*** Given data Section Begins ***

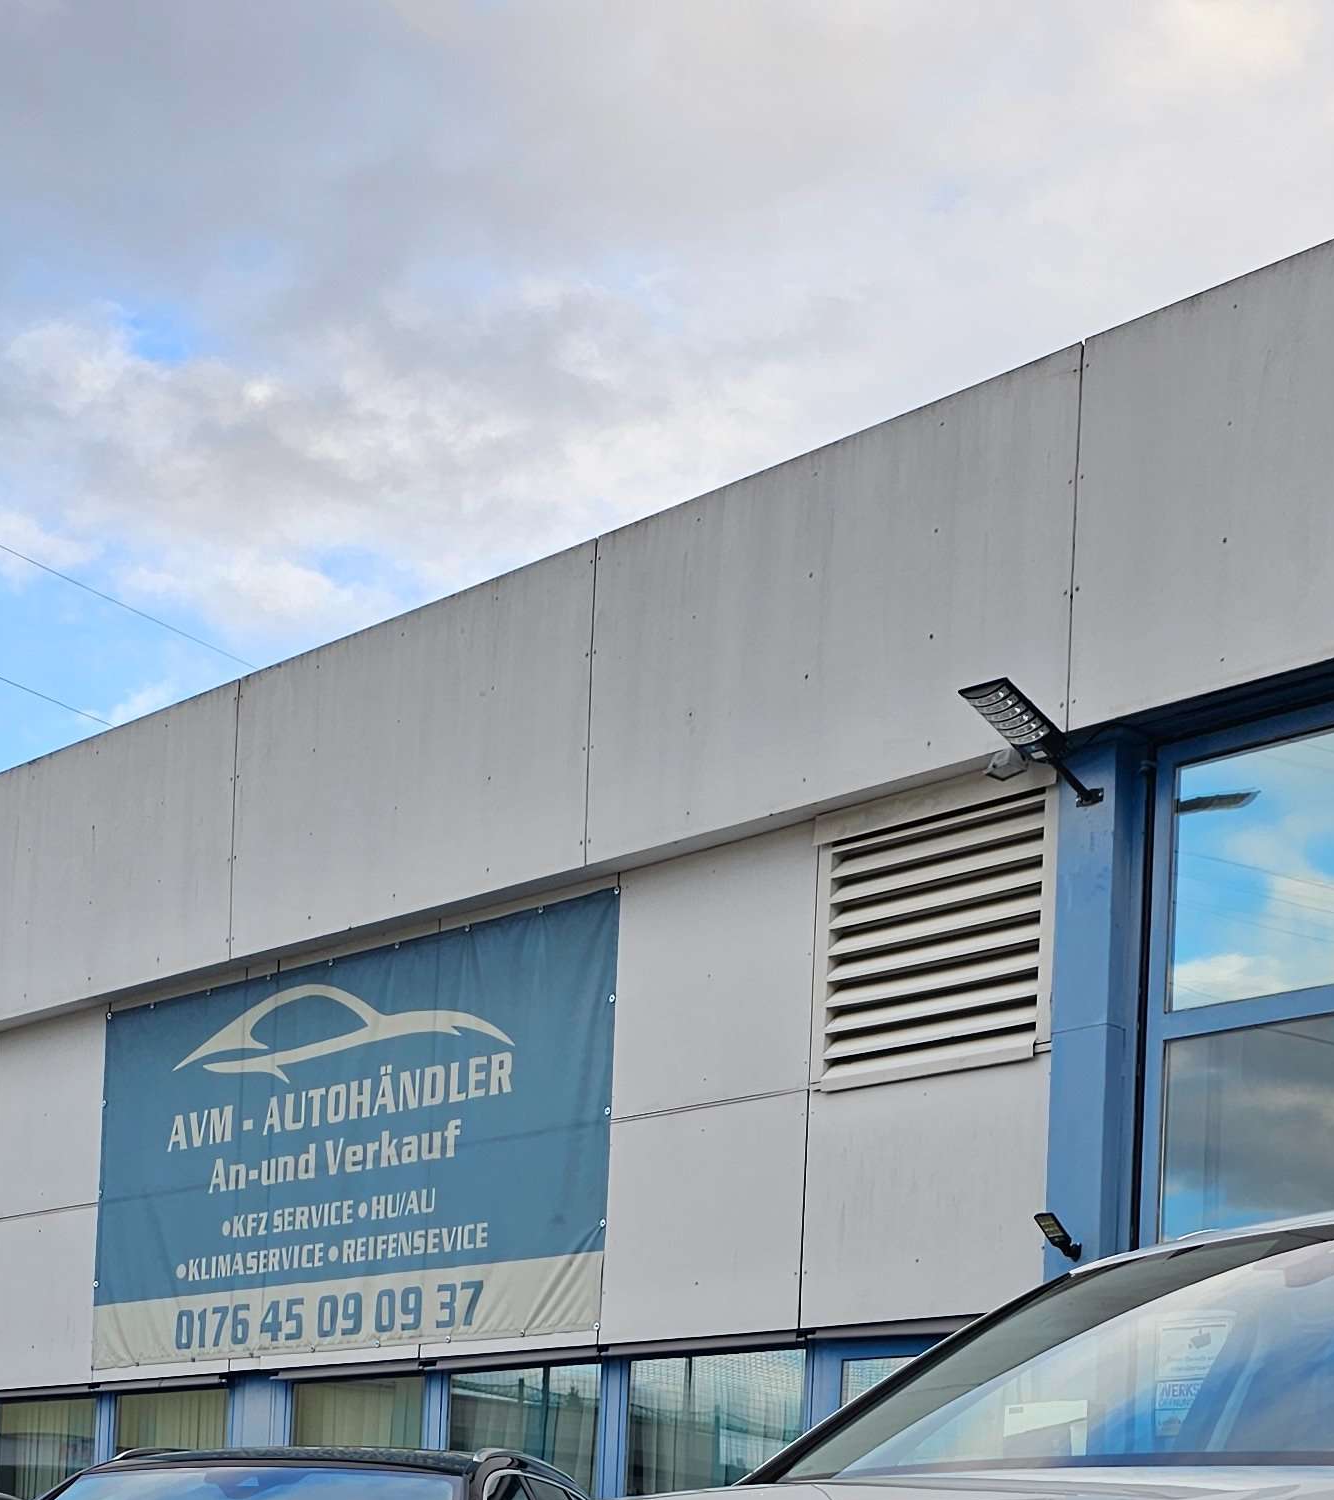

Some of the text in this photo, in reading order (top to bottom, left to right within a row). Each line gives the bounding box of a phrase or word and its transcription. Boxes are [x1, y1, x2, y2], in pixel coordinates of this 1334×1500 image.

[167, 1105, 234, 1153] AVM
[262, 1051, 513, 1136] AUTOHÄNDLER
[208, 1119, 462, 1194] An-und Verkauf
[188, 1222, 489, 1281] KLIMASERVICE REIFENSEVICE
[272, 1200, 354, 1233] SERVICE
[175, 1280, 484, 1350] 0176 45 09 09 37

*** Given data Section Ends ***

● Required action: Please return the records above exactly as written, dropping every picture.

● Written answer:
Some of the text in this photo, in reading order (top to bottom, left to right within a row). Each line gives the bounding box of a phrase or word and its transcription. Boxes are [x1, y1, x2, y2], in pixel coordinates of this 1334×1500 image.

[167, 1105, 234, 1153] AVM
[262, 1051, 513, 1136] AUTOHÄNDLER
[208, 1119, 462, 1194] An-und Verkauf
[188, 1222, 489, 1281] KLIMASERVICE REIFENSEVICE
[272, 1200, 354, 1233] SERVICE
[175, 1280, 484, 1350] 0176 45 09 09 37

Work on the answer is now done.